Continued from page 1

“Really, I don’t think it’s her responsibility,” Burk said. “It’s the board of directors. They need to take action here. They don’t need to put that on her. They need to say, `This is wrong. We thought the club was on the verge of making changes several years ago, and we regretfully end our sponsorship to maintain her credibility and the company brand.’ “

The debate returns just in time for one of the most anticipated Masters in years. Tiger Woods finally returned to winning last week at Bay Hill and is considered one of the favorites, along with U.S. Open champion Rory McIlroy. Eight of the top 20 players in the world ranking have won heading into the first major of the year, a list that includes world No. 1 Luke Donald and Phil Mickelson.

Now comes a sensitive issue that dogged the tournament a decade ago, and might not go away easily.

Augusta National does not ban women. They can play the golf course, but no woman has worn an Augusta green jacket, a status symbol in business and golf.

Rometty is said to play golf sparingly. Her greater passion is scuba diving.

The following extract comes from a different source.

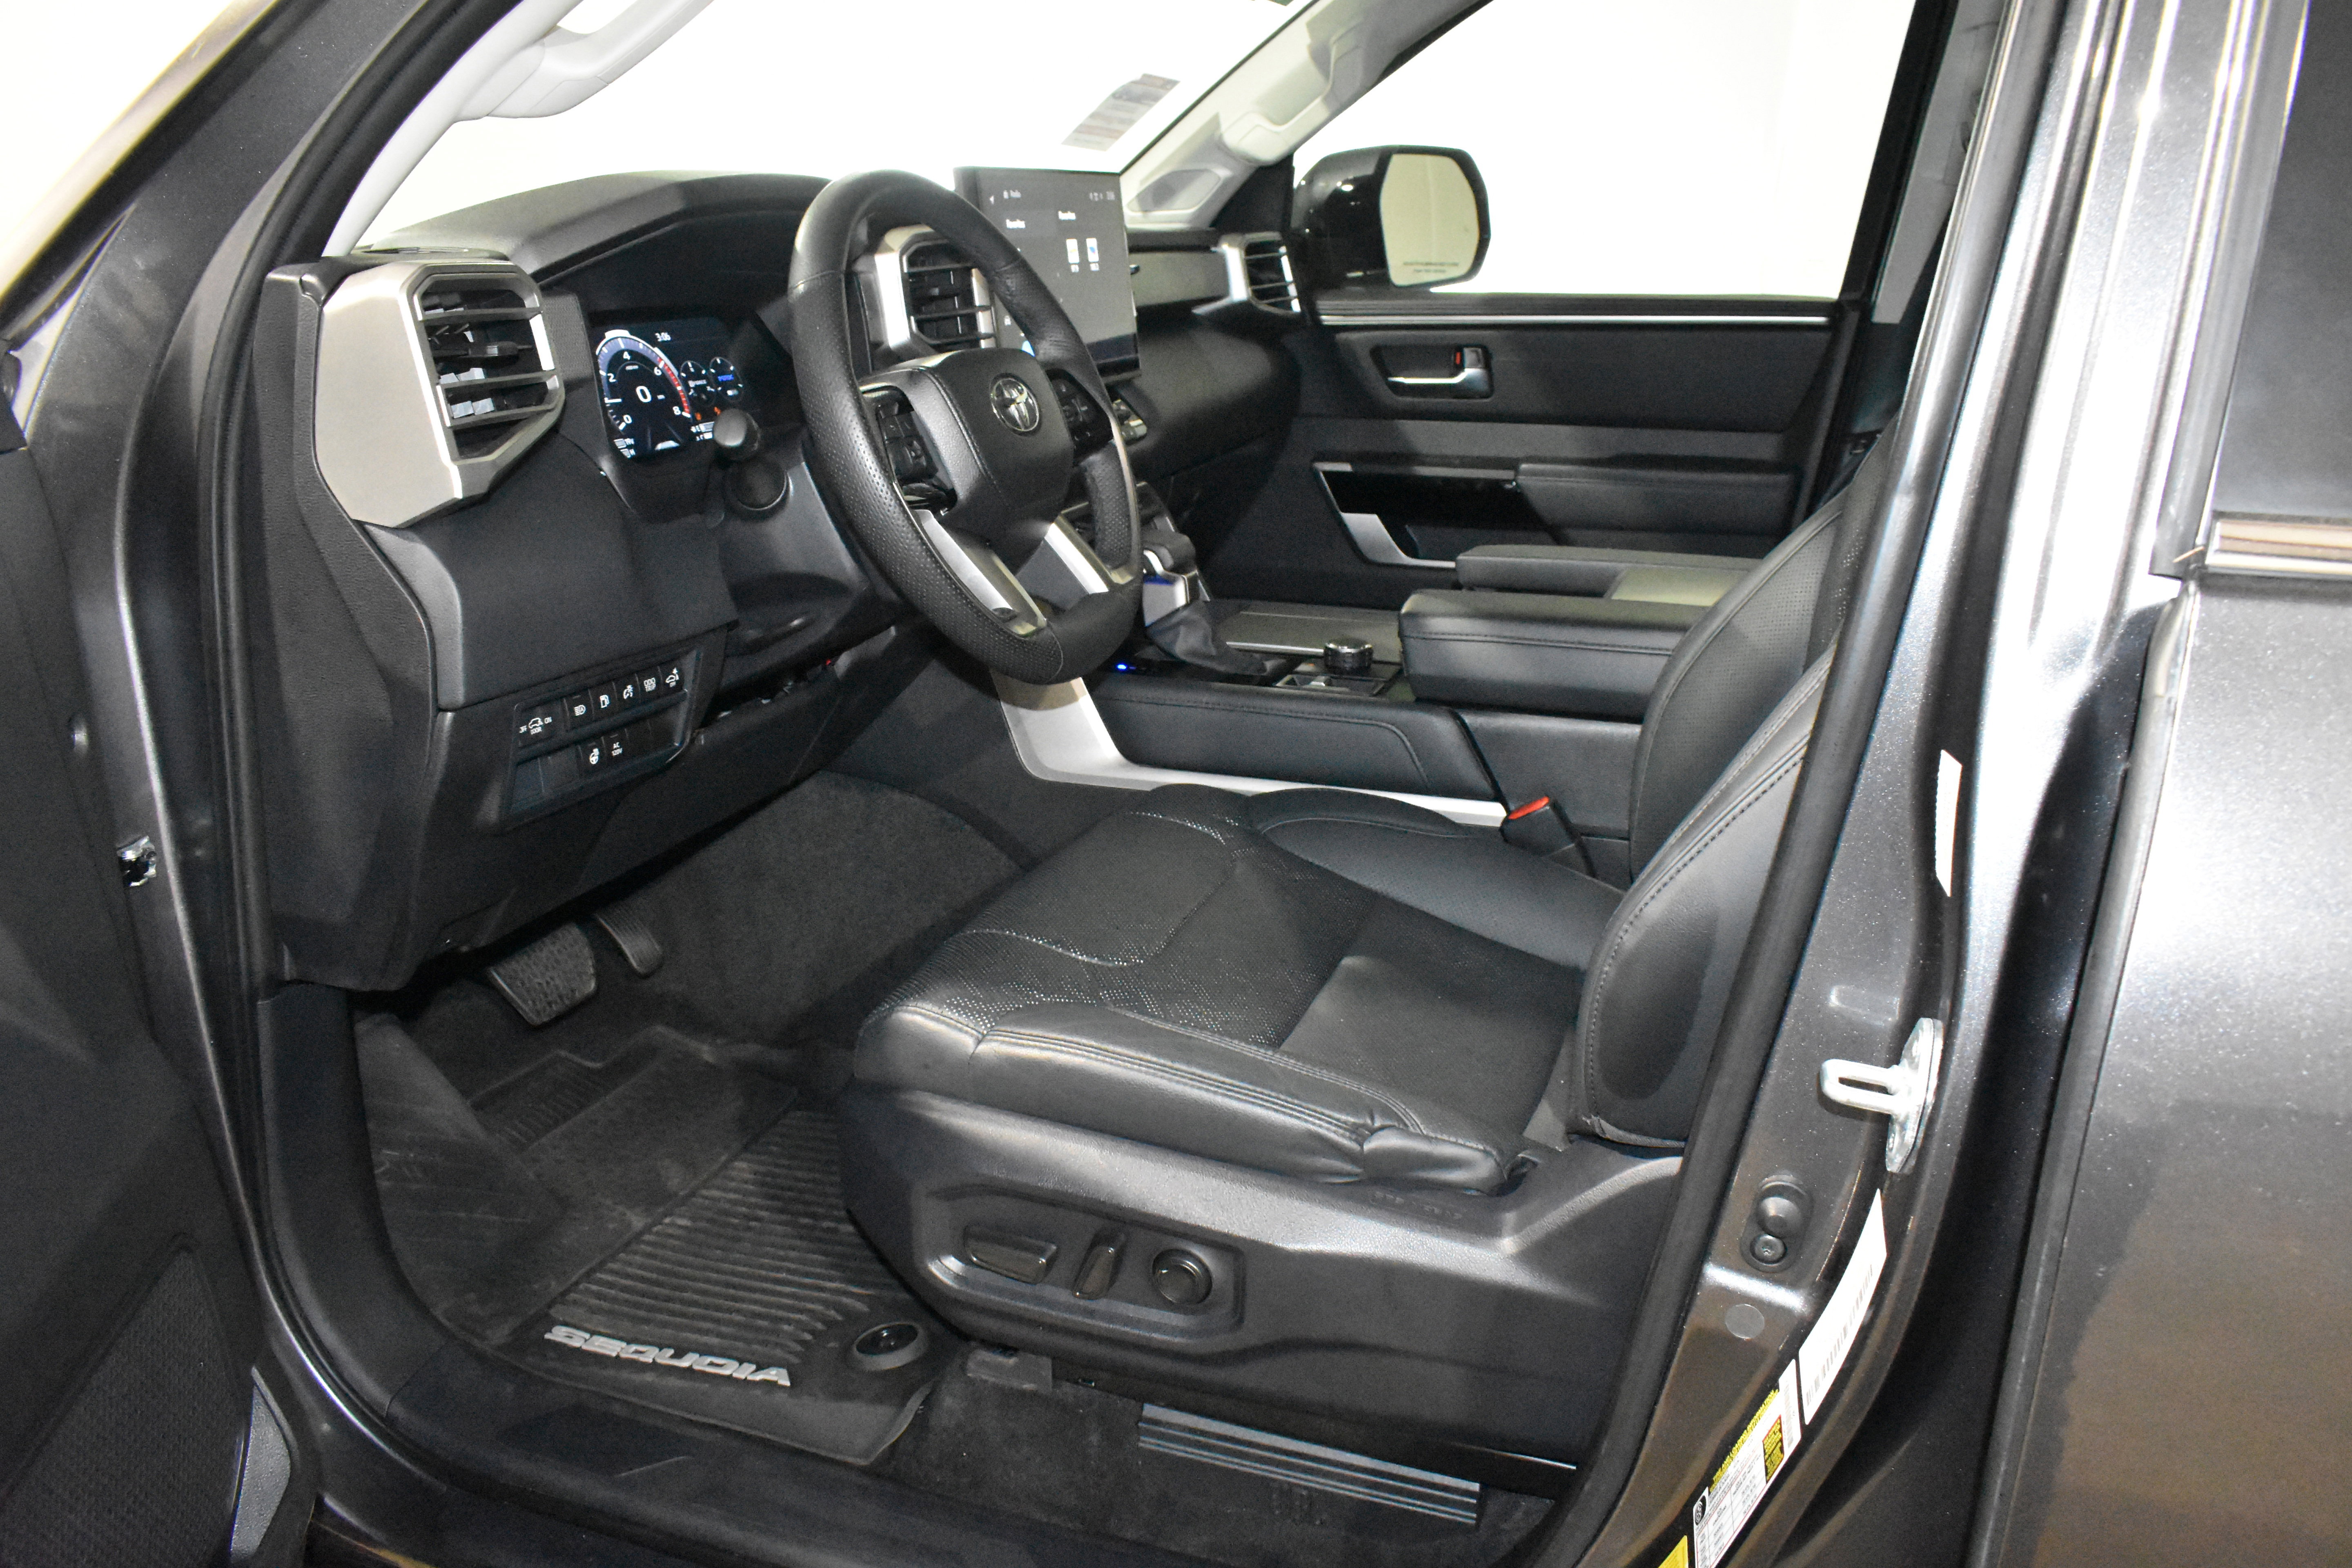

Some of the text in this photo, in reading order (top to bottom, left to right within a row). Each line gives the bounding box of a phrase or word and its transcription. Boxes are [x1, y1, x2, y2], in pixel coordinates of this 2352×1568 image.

The new CEO has been named to Fortune magazine’s “50 Most Powerful Women in Business” for the last seven years, and was at No. 7 a year ago. She started with IBM in 1981.

“We have a face, we have a resume, we have a title and we have a credible reason to do it that doesn’t involve Martha Burk,” she said.

Burk said she is no longer chair of the National Council of Women’s Organizations. She had planned to step down until the first flap with the Masters began in the summer of 2002. Now, she said she runs the Corporate Accountability Project for the council, a project born from her battle with Augusta.